Le Cardinal Grand Maître nous y exhorte dans son livre sur la spiritualité de l’Ordre (p. 79) : « Par l’authenticité de la vie chrétienne et par la fidélité à la spiritualité, il est nécessaire, pour nous membres de l’Ordre du Saint-Sépulcre de Jérusalem, de toujours et sans cesse nous conformer au mystère de Jésus et de l’Église, en nous souvenant de l’enseignement du Seigneur : “Si quelqu’un veut marcher à ma suite […], qu’il prenne sa croix et qu’il me suive.” »
Le premier Chevalier laïc de notre Ordre à être canonisé – par le Pape Léon XIV dimanche dernier – saint Bartolo Longo, vécut cette relation très personnelle avec le Christ ; son cœur était continuellement animé par une ardeur apostolique. Il enseignait qu’avec la prière du Rosaire, on contemple le visage du Christ avec les yeux de Marie. Fils fidèle et obéissant de l’Église, il construisit le sanctuaire de Pompéi et la nouvelle Cité de l’amour, en commençant par les derniers : les orphelines et les enfants de prisonniers.

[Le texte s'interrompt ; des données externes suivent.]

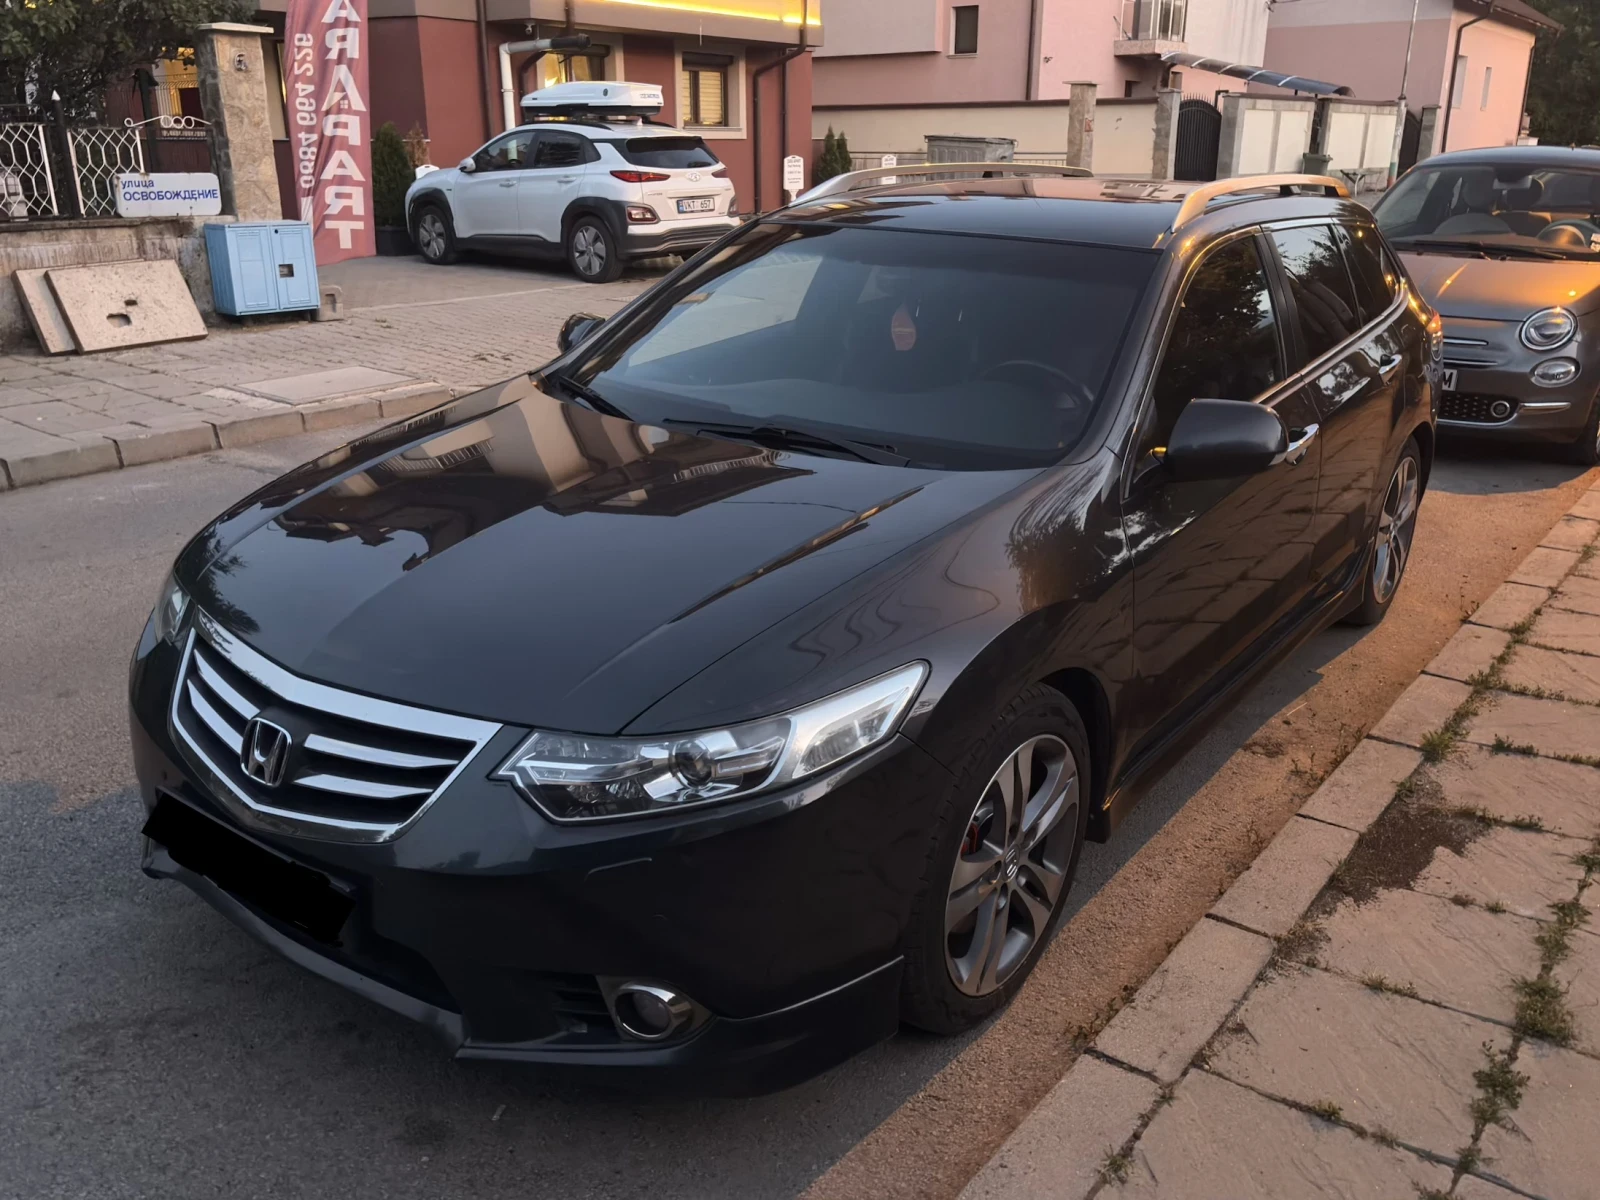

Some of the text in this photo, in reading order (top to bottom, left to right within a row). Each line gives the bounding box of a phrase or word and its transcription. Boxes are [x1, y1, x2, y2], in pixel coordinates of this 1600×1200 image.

[121, 180, 155, 189] улица
[123, 189, 219, 201] ОСВОБОЖДЕНИЕ
[701, 199, 711, 209] 657

Sur son exemple, « la générosité du Chevalier et de la Dame est une générosité globale qui ne s’arrête pas à la Terre Sainte, mais qui est appelée à être un trait caractéristique de sa présence ecclésiale… une générosité multipliée qui désire prendre à cœur les besoins des plus nécessiteux » (Document sur la formation, n. 22).
Enfin, aujourd’hui le pèlerinage jubilaire est pour nous une opportunité de grâce, « l’opportunité de redécouvrir, avec une immense gratitude, le don de cette vie nouvelle reçue dans le Baptême... Pendant longtemps… les chrétiens ont construit les fonts baptismaux en forme octogonale, et aujourd'hui encore, nous pouvons admirer de nombreux baptistères anciens qui conservent cette forme, comme [ici]… à Saint-Jean-de-Latran. Cela indique que, dans les fonts baptismaux, un huitième jour est inauguré, le jour de la résurrection… Tel est le but vers lequel nous tendons dans notre pèlerinage terrestre (cf. Rm 6,22) » (Pape François, Spes non confundit, n. 20).
Aujourd'hui, dans ce lieu si significatif, siège de la Chaire du Successeur de l’apôtre Pierre, qui nous rappelle que notre Ordre d'origine ancienne, a été, à différentes époques, constitué, réorganisé, agrandi et enrichi de privilèges et de responsabilités par les Souverains pontifes, nous nous reconsacrons en confessant notre foi dans le Christ et en nous engageant à la vivre, comme des fils fidèles et obéissants de l'Église. Nous accueillons l’exhortation du Pape François aux participants au pèlerinage de l’Ordre en 2013 : « votre marche pour construire naît de confesser de manière toujours plus profonde la foi… Il s’agit d’un point important pour chacun de vous et pour tout l’Ordre, pour que chacun soit aidé à approfondir son adhésion au Christ : la profession de foi et le témoignage de la charité sont étroitement liés et sont les points caractéristiques et de force – les points de force – de votre action. »
Que la Vierge, Reine de la Paix, nous accorde cette grâce, et supplions Notre Seigneur Jésus Christ de faire descendre sur nous, Chevaliers et Dames du Saint-Sépulcre, Son Esprit, pour qu’il fasse de nous, au milieu de nos frères, des instruments de Paix et d’Amour convaincus et sincères. Amen.